A riveting insight into this reality was provided a few months back when the National Rifle Association’s Wayne LaPierre addressed a meeting in New Orleans, the scene following Hurricane Katrina of the forceful disarmament of law-abiding U.S. citizens. Mr. LaPierre showed a video which included a chilling statement from a senior UN official to the effect that, while she understood Americans were reluctant to part with their firearms, they had better get used to being “citizens of the world” just like everybody else.
For many in Sen. Obama’s audiences, references to “global citizenship” must sound about as benign as his mantra about promoting “change we can believe in.” It all has a sort of Rodney King-like quality to it: “Can’t we all just get along?”

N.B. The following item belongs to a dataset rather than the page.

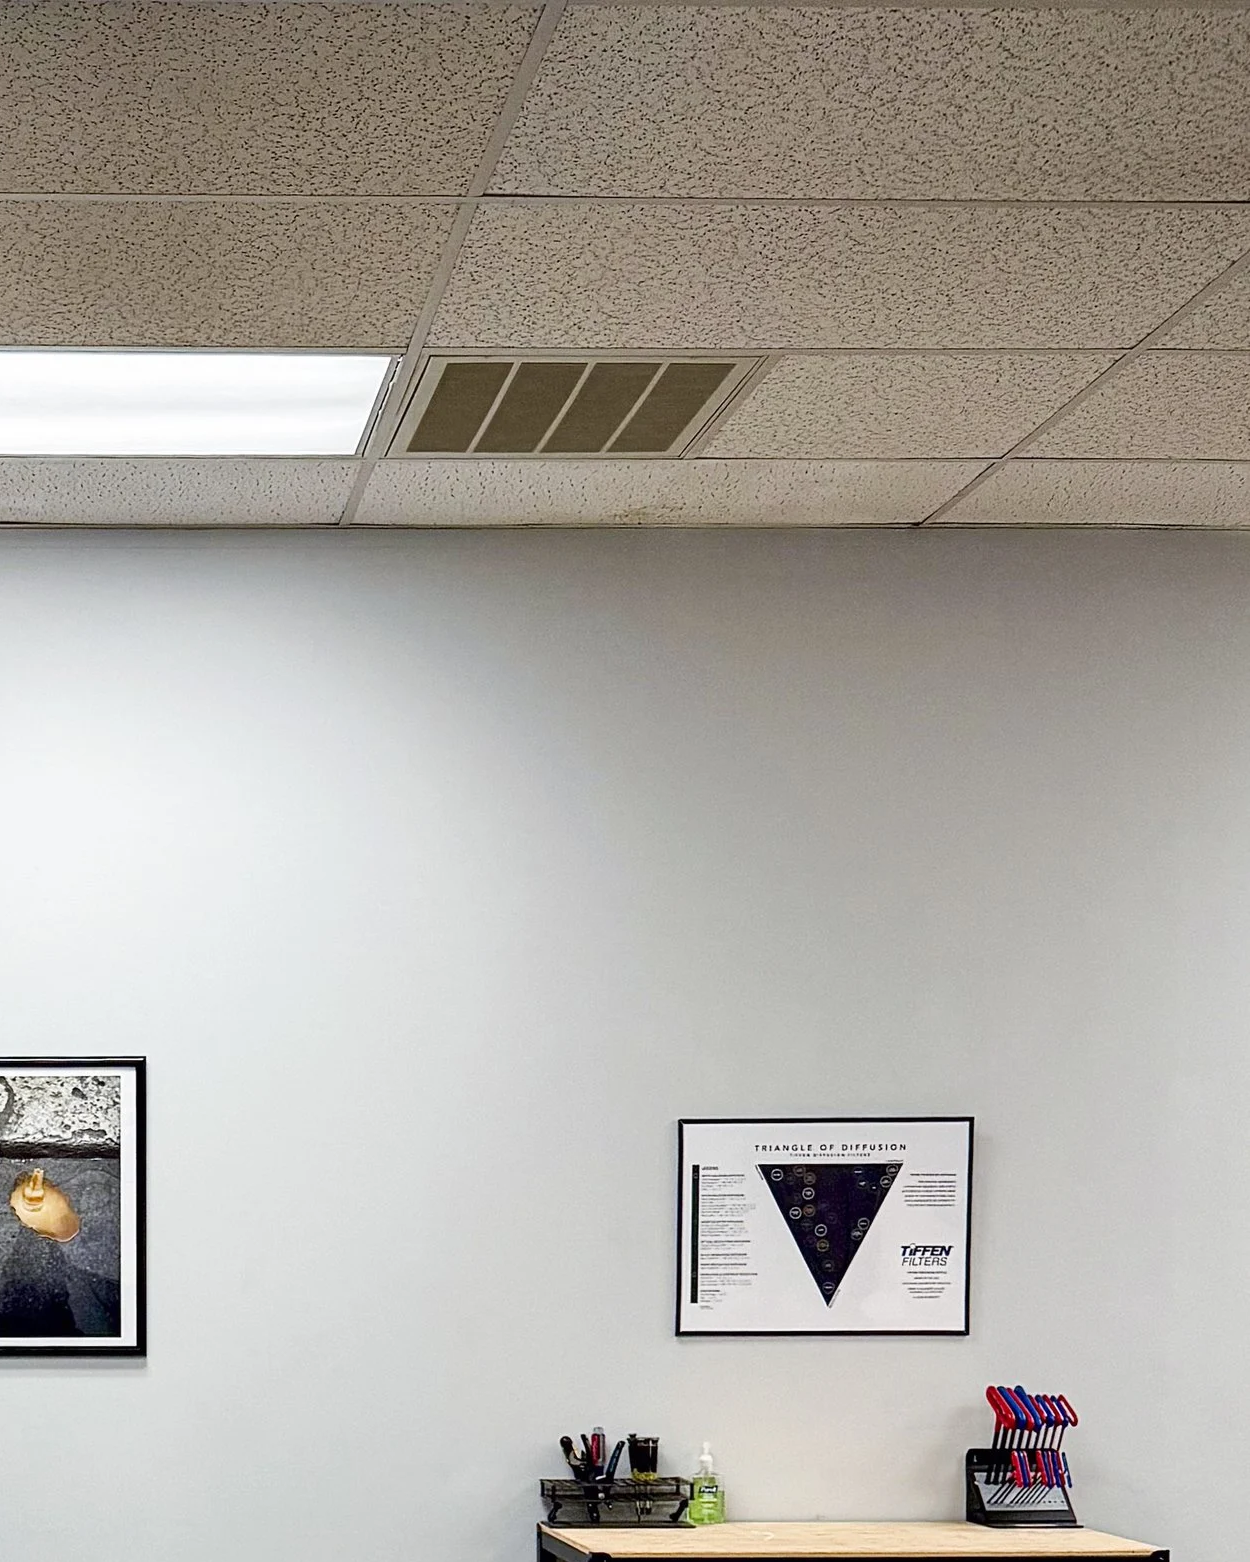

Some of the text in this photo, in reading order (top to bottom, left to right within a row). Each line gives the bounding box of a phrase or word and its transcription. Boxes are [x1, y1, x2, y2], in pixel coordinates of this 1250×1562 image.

[754, 1143, 907, 1152] TRIANGLE OF DIFFUSION
[901, 1257, 948, 1267] FILTERS

In fact, the terminology Citizen Obama uses reveals an attachment to a radical transformation of not just our foreign policy but of the nature of our country itself. The “change” he has in mind could prove fatal to our sovereignty and constitutional form of government.
Questions about the appropriate role of America in the world and how it conducts its relationships with foreign powers are, of course, essential topics in any presidential campaign. That is particularly true at a moment when the United States finds itself engaged in a global war with a totalitarian ideology, Islamofascism, that has embedded itself in many allied countries and enjoys strong support from most of our foes.
It falls most immediately to Senator John McCain to highlight Citizen Obama’s radical answers to these questions and ultimately to U.S. voters to determine whether they want a global citizen in the White House or a president of, by and for the American people.